PMA Films Specialist Chris Gray dives into our upcoming screenings for November 11-20


The Novelist’s Film

Hong Sang-soo is quietly the most productive major filmmaker in the world. This year was not the first time Hong had more than one feature in the Main Slate of the New York Film Festival, and it wasn’t the second time, either. The director’s productivity, and his remarkable consistency, are a credit to his methods: small stories made with small crews and an embrace of chance and happenstance. His abundant filmography (he’s made 25 films in this century alone) is a catalog of chance encounters and gentle experiments in structure that are reminiscent of great French filmmakers like Eric Rohmer. Hong’s latest, The Novelist’s Film, is a perfect entry point into his substantial body of work.
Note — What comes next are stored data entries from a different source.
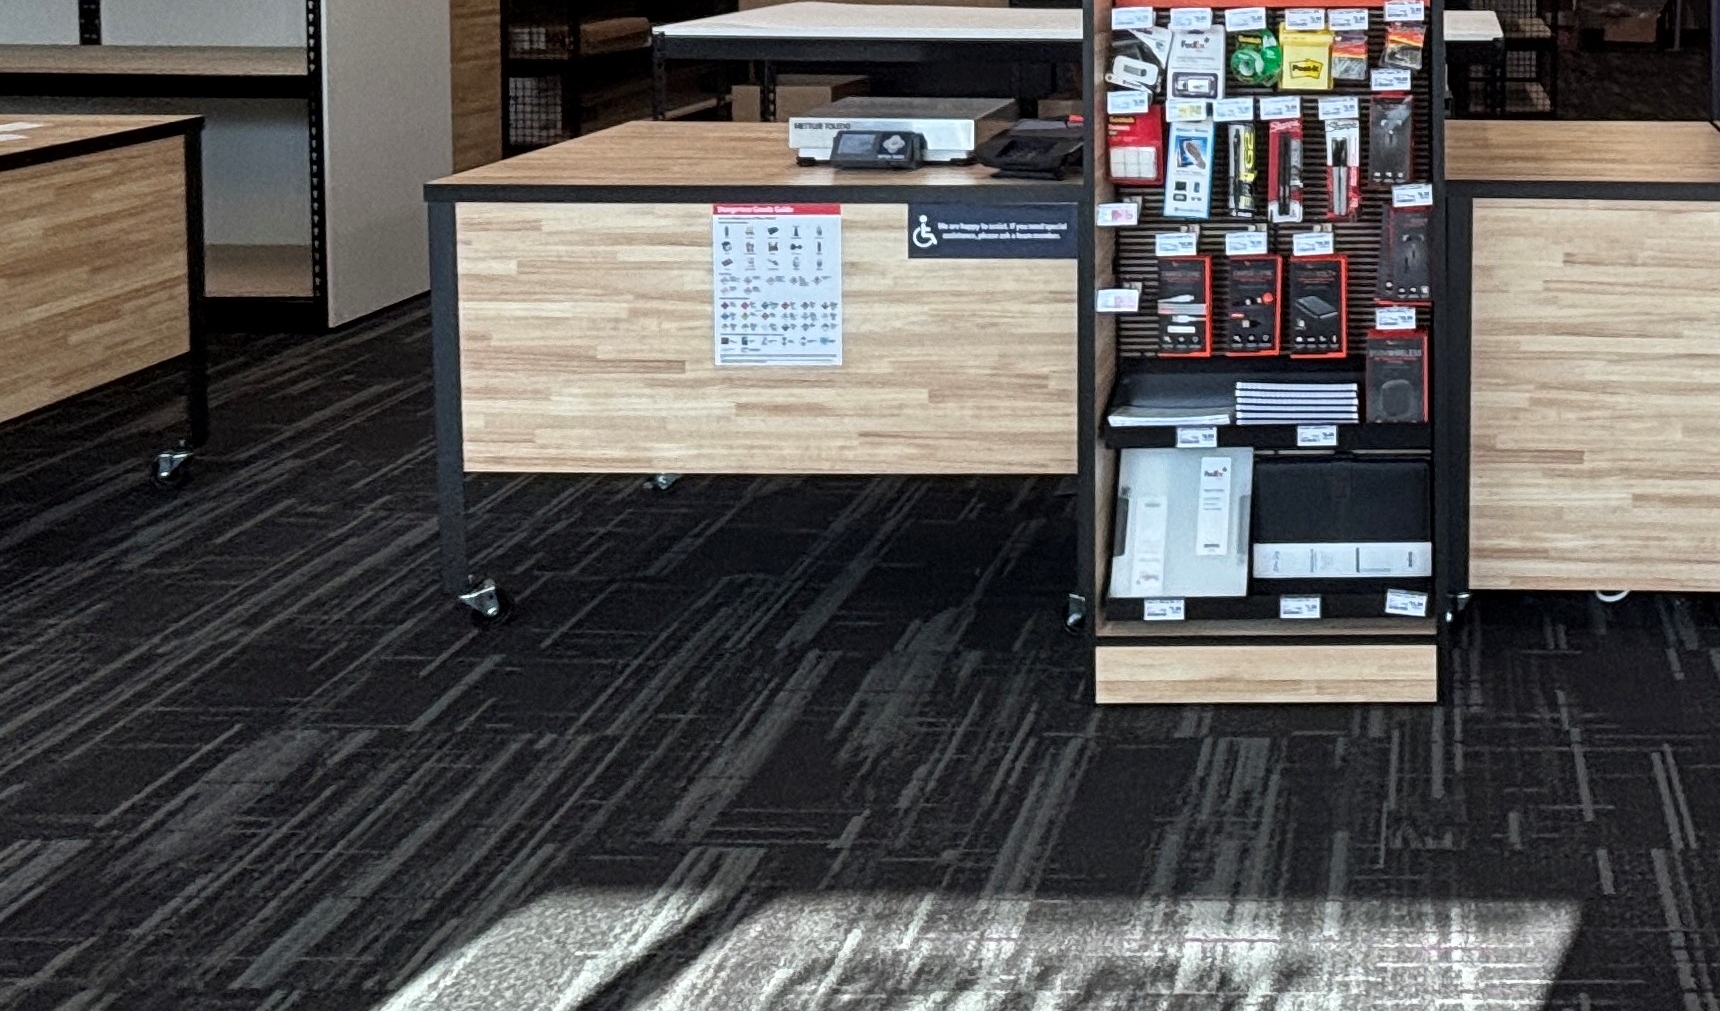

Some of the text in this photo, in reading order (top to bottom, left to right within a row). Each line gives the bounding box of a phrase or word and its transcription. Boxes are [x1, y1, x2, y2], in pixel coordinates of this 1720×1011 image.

[1292, 64, 1320, 72] Post-it
[937, 222, 948, 230] We
[960, 222, 979, 231] happy
[980, 222, 988, 230] to
[1028, 222, 1044, 230] need
[1044, 222, 1068, 231] special
[978, 231, 999, 240] please
[999, 231, 1010, 239] ask
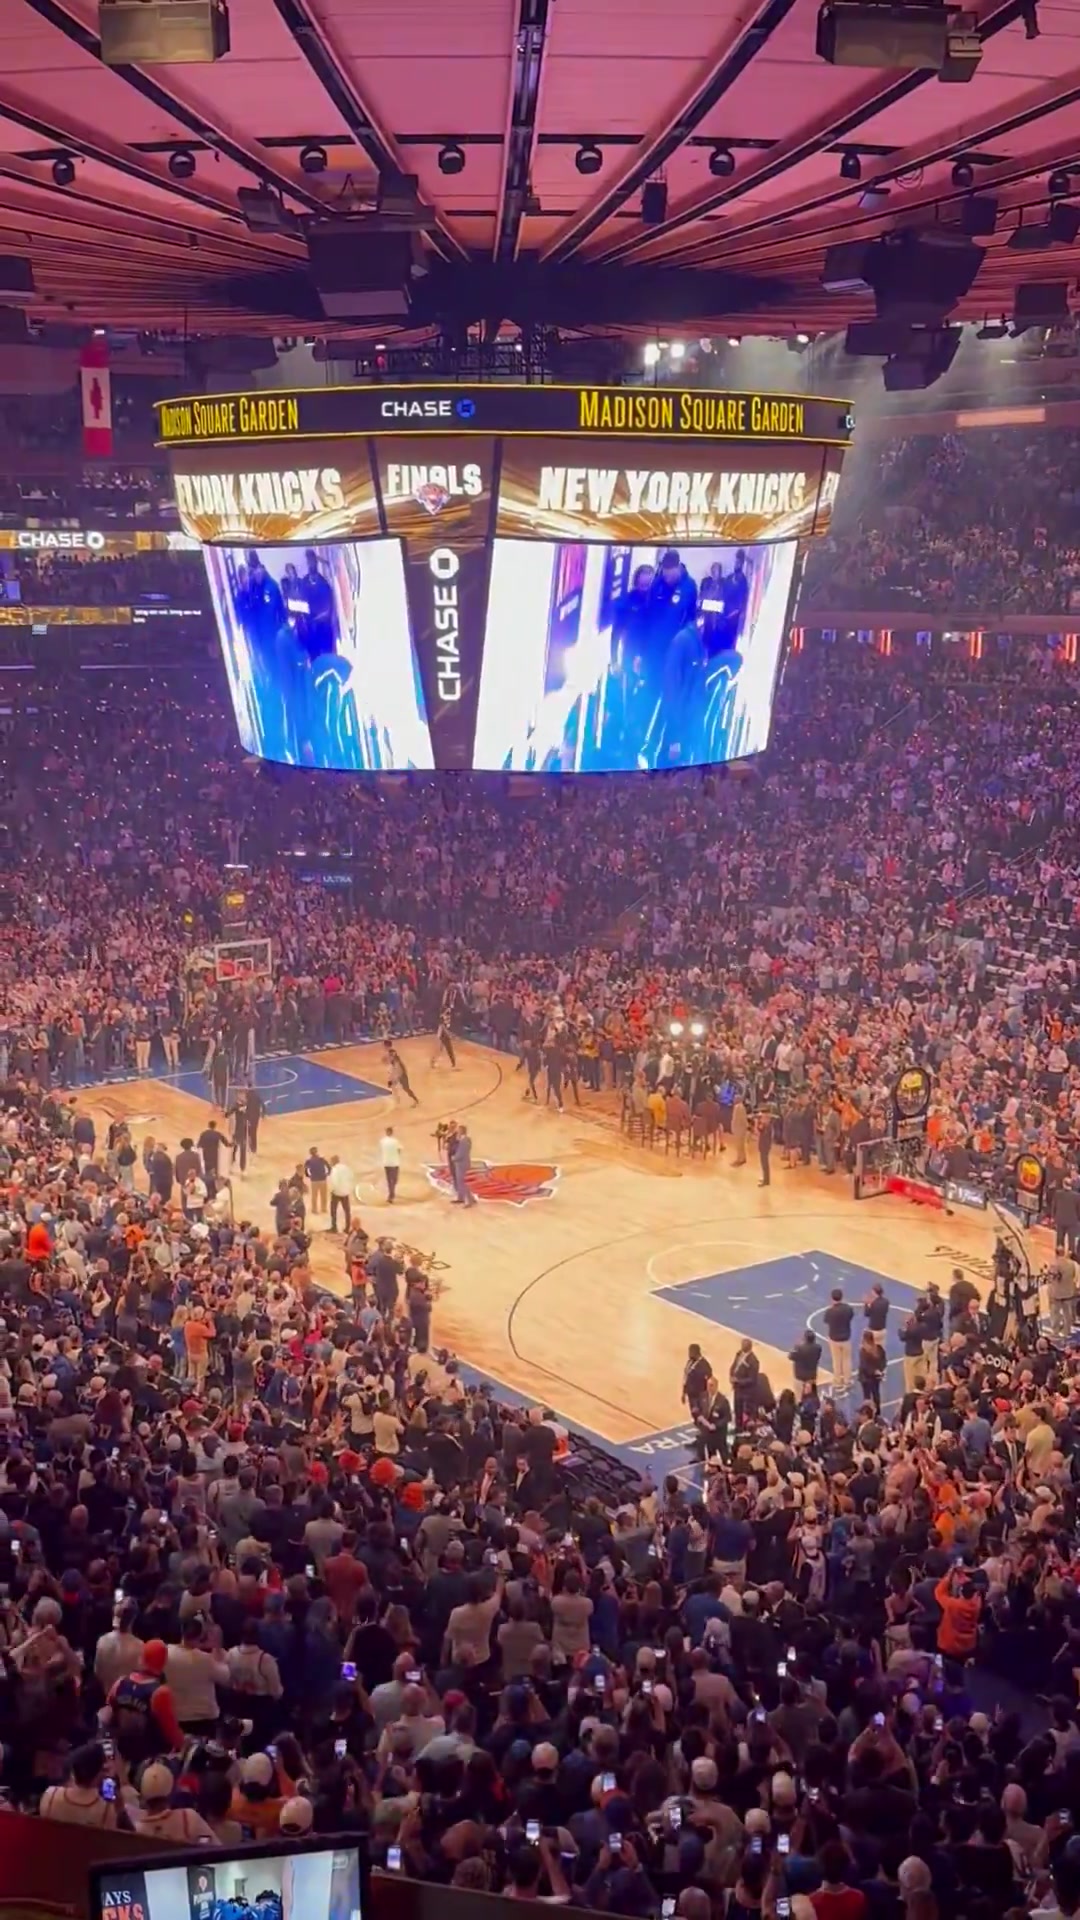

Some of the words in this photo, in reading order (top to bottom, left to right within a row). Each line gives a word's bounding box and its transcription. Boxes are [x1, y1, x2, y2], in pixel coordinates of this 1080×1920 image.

[193, 401, 237, 436] SQUARE
[239, 397, 299, 433] GARDEN
[381, 400, 452, 417] CHASE
[579, 391, 673, 429] MADISON
[680, 394, 746, 432] SQUARE
[751, 396, 805, 434] GARDEN
[190, 473, 241, 516] YORK
[239, 467, 347, 516] KNICKS
[387, 463, 483, 496] FINALS
[538, 466, 618, 512] NEW
[626, 469, 711, 515] YORK
[717, 471, 807, 516] KNICKS
[18, 532, 84, 548] CHASE
[433, 585, 461, 700] CHASE
[101, 1890, 132, 1907] AYS
It’s a simple, black-and-white film about a middle-aged novelist (Lee Hye-young) who has grown tired of her craft and decides, after running into a famous actress (Kim Min-hee) in a park, that she wants to write a movie. Nested in this prickly but exceedingly charming story are a set of rich and plainly autobiographical observations from a middle-aged auteur wondering if he’s stuck in a creative rut. To be clear, he’s not, and The Novelist’s Film, which feels at once perfectly concise and yet somehow elusive, may be my favorite film of his since 2015’s Right Now, Wrong Then.
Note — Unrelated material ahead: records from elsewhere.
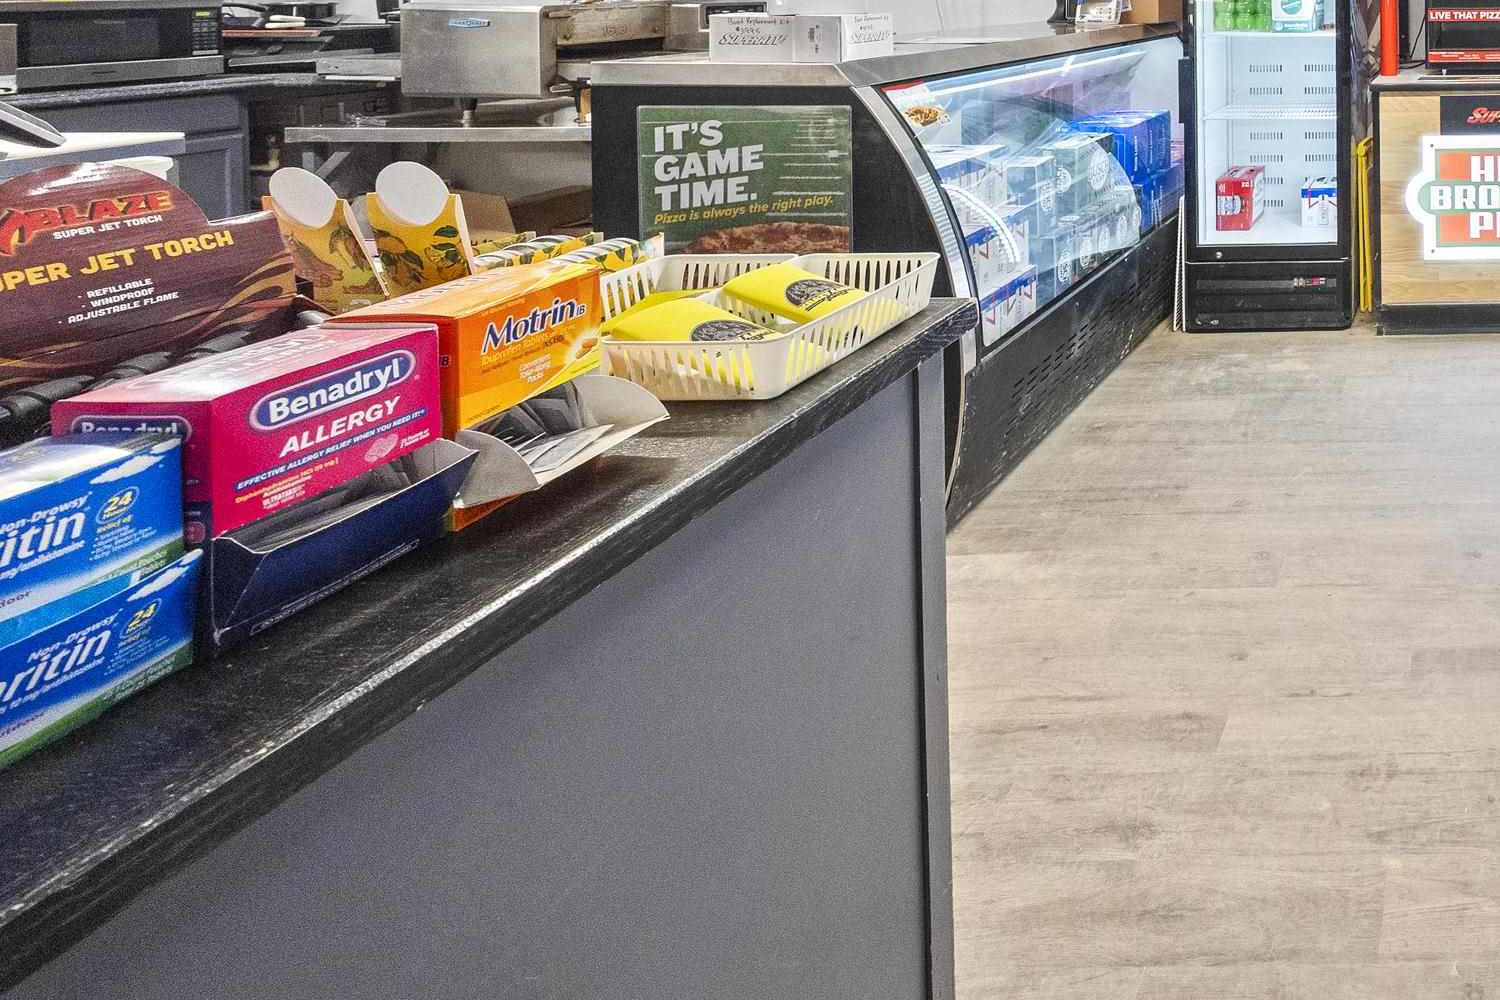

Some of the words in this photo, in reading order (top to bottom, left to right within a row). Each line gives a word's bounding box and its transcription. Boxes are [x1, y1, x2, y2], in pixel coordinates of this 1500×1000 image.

[1430, 12, 1451, 20] LIVE
[1454, 12, 1478, 20] THAT
[654, 119, 723, 153] IT'S
[654, 144, 764, 182] GAME
[654, 176, 757, 212] TIME.
[654, 211, 686, 225] Pizza
[689, 211, 700, 222] is
[702, 206, 746, 221] always
[749, 202, 768, 213] the
[771, 196, 802, 213] right
[803, 193, 834, 208] play.
[53, 224, 95, 240] SUPER
[98, 220, 122, 234] JET
[124, 214, 163, 228] TORCH
[80, 248, 136, 276] JET
[144, 230, 235, 262] TORCH
[87, 278, 153, 299] REFILLABLE
[90, 287, 155, 309] WINDPROOF
[67, 301, 142, 325] ADJUSTABLE
[143, 291, 180, 308] FLAME
[481, 296, 577, 355] Motrin
[267, 357, 403, 425] Benadryl
[279, 395, 401, 458] ALLERGY
[236, 466, 286, 490] EFFECTIVE
[286, 450, 325, 470] ALLERGY
[325, 438, 352, 456] RELIEF
[352, 430, 377, 447] WHEN
[376, 423, 393, 437] YOU
[104, 491, 133, 513] 24
[0, 511, 87, 570] itin
[128, 602, 156, 628] 24
[28, 611, 122, 662] Non-Drowsy
Screening Times & Tickets:

The Salt of the Earth

The Salt of the Earth is a 2014 documentary co-directed by the great Wim Wenders (Wings of Desire; Paris, Texas) and Juliano Ribeiro Saldago, the son of photographer Sebastião Salgado, who is commemorated in this gorgeous feature.


All That Breathes

An eye-opening portrait of present-day New Delhi and a deeply moving portrait of two brothers dedicated to caring for the black kites that are increasingly threatened as they fly over a restive city beset by poor air quality, All That Breathes is the first documentary to win top honors at both the Sundance and Cannes Film Festivals. Directed by Shaunak Sen (and filmed with an incredible eye by Ben Bernhard, Riju Das, and Saumyananda Sahi), the film eloquently ties the story of a fledgling family business (the brothers’ tiny, grant-funded animal hospital) to the immediate threat of climate change and the equally drastic outbreak of anti-Muslim violence throughout India. The black kite is the most common type of hawk, and their annual arrival in Delhi is cause for both alarm (in an amazing scene, one of the brothers gets his glasses stolen right off his face) and amazement. But the birds are falling from the sky at an alarming rate, a likely consequence of the city’s heavy pollution and climate-induced air quality issues, and the brothers must balance two prerogatives: to care for the birds and for their families. Sen evokes this conflict through eloquent suggestion and tender portraiture, but what really stuns about All That Breathes is its imagery of a city beset by both drastic heat and torrential rains as wildlife teems in and around it.


Screening Times & Tickets:

Gentlemen Prefer Blondes

A deceptively featherweight comedy that tweaks cinema’s “male gaze,” Howard Hawks’s 1953 Gentlemen Prefer Blondes boasts one of the greatest performances by Marilyn Monroe, captured in our current exhibition Presence by Richard Avedon.